Their findings, published in Nutrition Reviews, suggest they could be a useful stepping stone in the shift towards more sustainable diets if people have the right information to choose carefully.

In recent years, there has been a rise in novel food and drink designed to mimic or replace animal products such as alternatives to burgers or mince. Their nutritional and environmental value can vary depending on the main ingredients and level of processing.

The researchers carried out the first comprehensive review to investigate the environmental and health impacts of these products.

A total of 57 seven peer-reviewed studies and 36 grey literature sources met the criteria of the review, evaluating products available in high-income countries including the UK. It excluded tofu, tempeh and seitan as these have been part of traditional Asian diets for centuries and evidence already shows they are a healthy alternative.

According to the analysis, plant-based alternatives have substantially lower environmental impacts than animal-based products – including lower greenhouse gas emissions, use of water resources and land use.

Most meat and dairy drink alternatives also had lower energy, lower saturated fat, more fibre, and contained more legumes and vegetables, while plant-based drinks contained less total sugar than dairy milks.

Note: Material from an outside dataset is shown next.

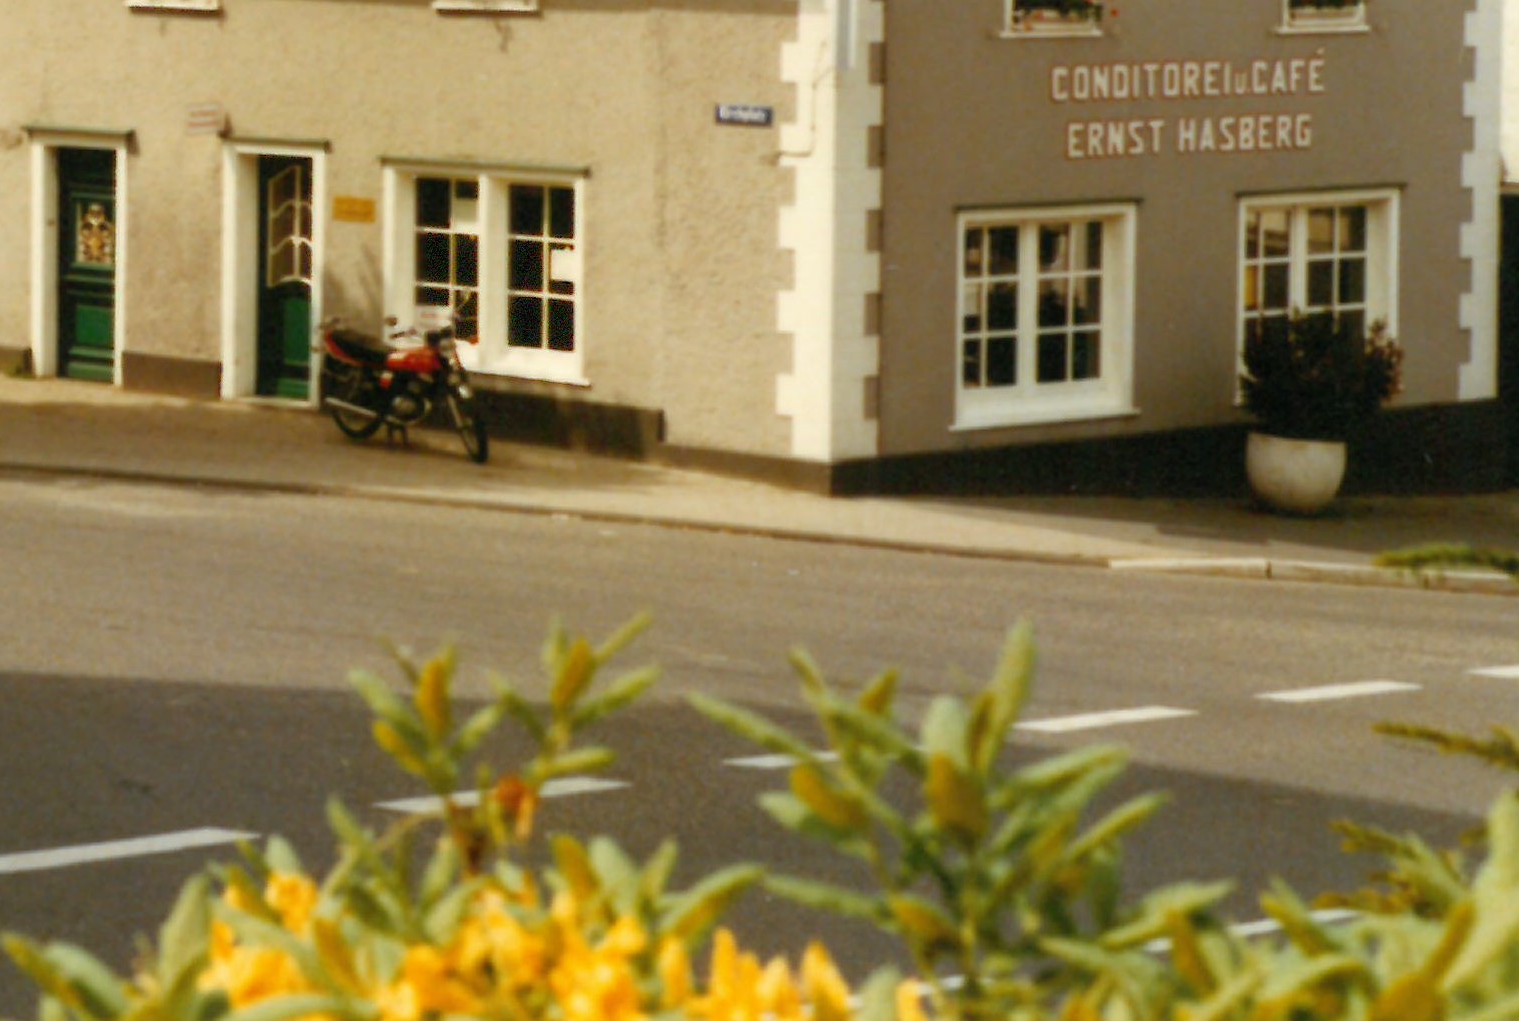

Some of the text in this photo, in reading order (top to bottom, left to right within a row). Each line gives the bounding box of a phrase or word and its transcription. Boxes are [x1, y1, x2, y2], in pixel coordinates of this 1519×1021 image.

On average, both meat and drink alternatives had comparable salt levels to animal-based products. However, all plant-based meat alternatives contained more sugar.

Some plant-based cheese alternatives had 50% higher saturated fat than dairy cheese.

The evidence suggests there are positive health benefits from switching to plant-based meat and dairy alternatives, but more studies are needed to confirm this. The researchers also argue that improved labelling and categorisation should be implemented to inform consumers, policymakers and other key stakeholders.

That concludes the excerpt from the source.